(Goal of the exercise)
Every entry that follows should be output exactly, and every image in it left out.

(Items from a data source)

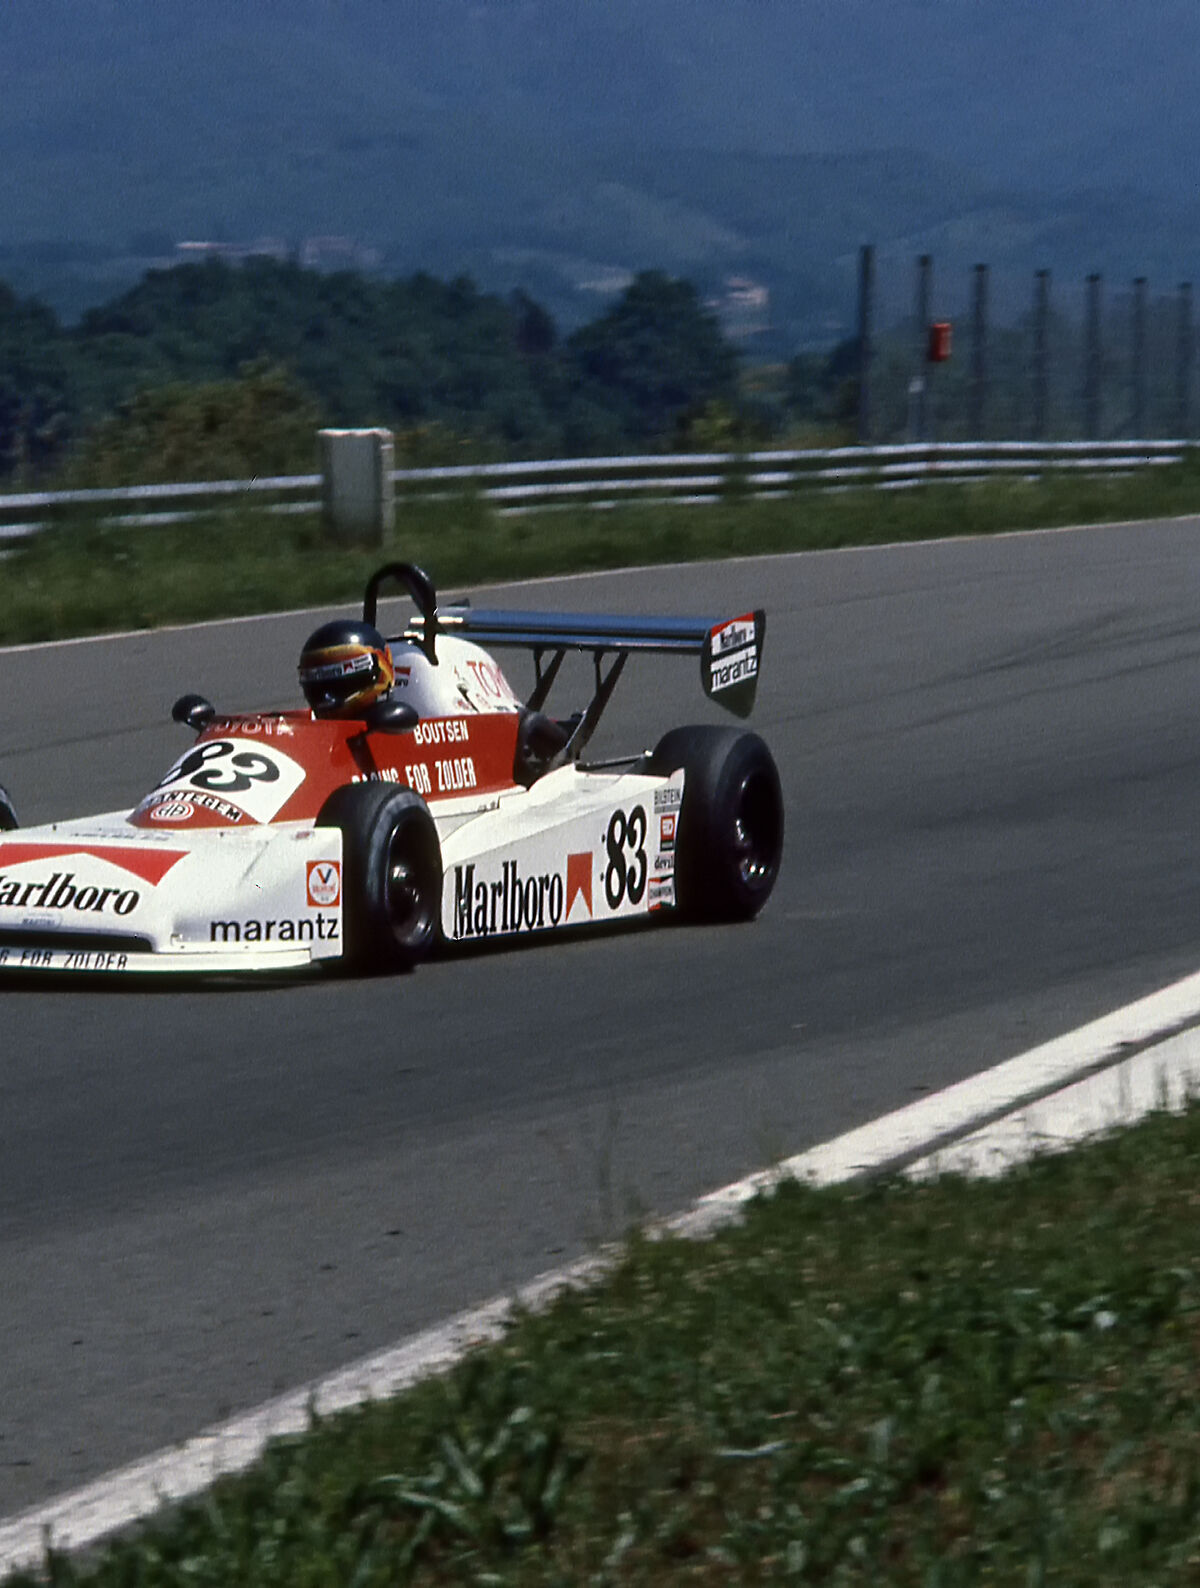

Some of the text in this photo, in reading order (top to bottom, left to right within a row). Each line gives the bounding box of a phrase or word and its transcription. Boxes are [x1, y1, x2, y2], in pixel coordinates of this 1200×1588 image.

[413, 720, 469, 745] BOUTSEN
[151, 740, 280, 792] 83
[405, 763, 432, 794] FOR
[435, 757, 477, 791] ZOLDER
[605, 805, 647, 910] 83
[453, 860, 563, 939] Marlboro
[210, 913, 339, 941] marantz
[20, 951, 53, 966] FOR
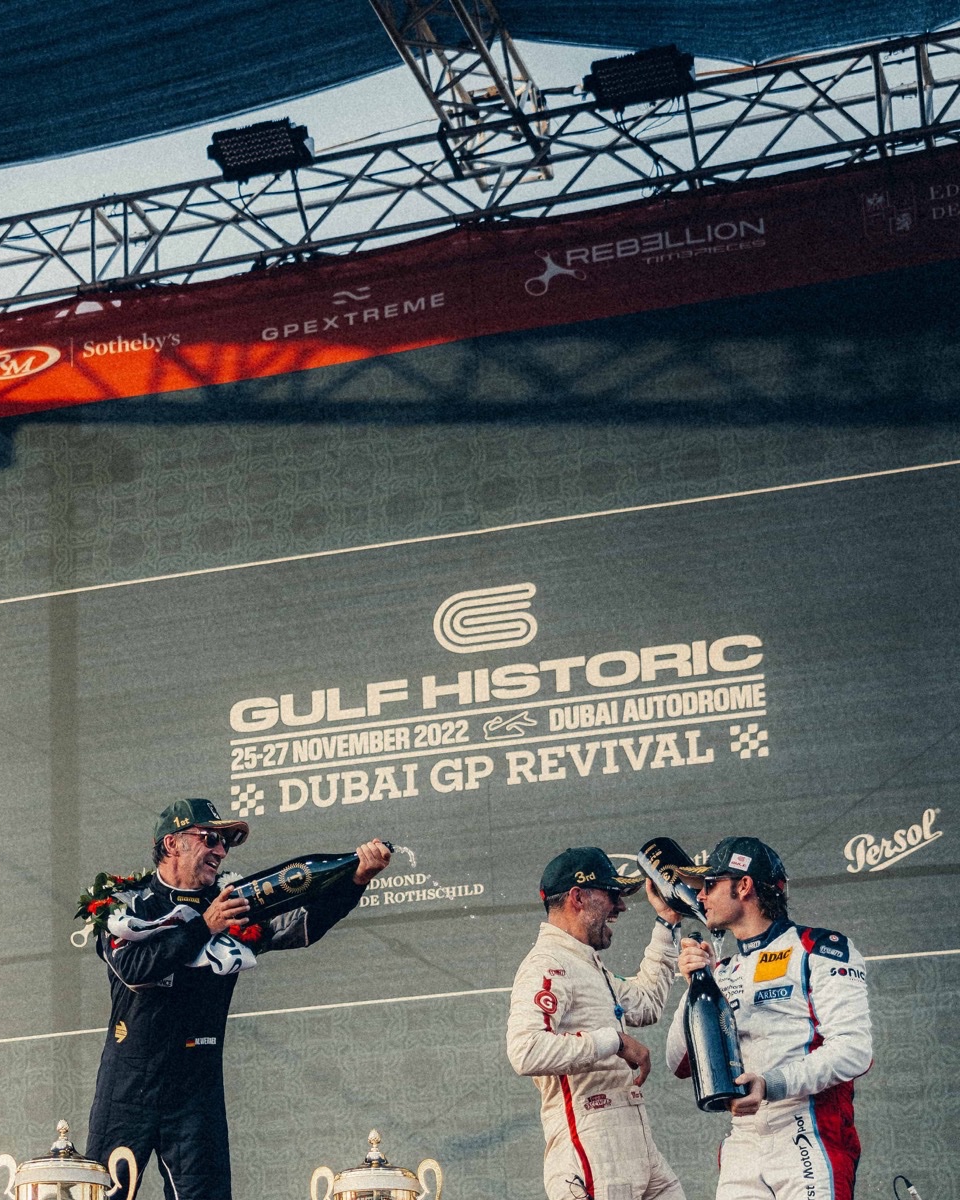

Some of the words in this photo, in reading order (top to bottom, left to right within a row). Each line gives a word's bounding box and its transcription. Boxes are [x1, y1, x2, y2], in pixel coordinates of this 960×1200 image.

(Written reply)
Some of the text in this photo, in reading order (top to bottom, left to right within a row). Each line gives the bounding box of a phrase or word and its transcription. Boxes are [x1, y1, x2, y2], in pixel coordinates of this 1200×1588 image.

[413, 720, 469, 745] BOUTSEN
[151, 740, 280, 792] 83
[405, 763, 432, 794] FOR
[435, 757, 477, 791] ZOLDER
[605, 805, 647, 910] 83
[453, 860, 563, 939] Marlboro
[210, 913, 339, 941] marantz
[20, 951, 53, 966] FOR

Some of the words in this photo, in reading order (top to bottom, left to right within a row). Each line gives a word's bounding box and its transcription. Boxes are [x1, y1, x2, y2], in pixel coordinates of this 960×1200 image.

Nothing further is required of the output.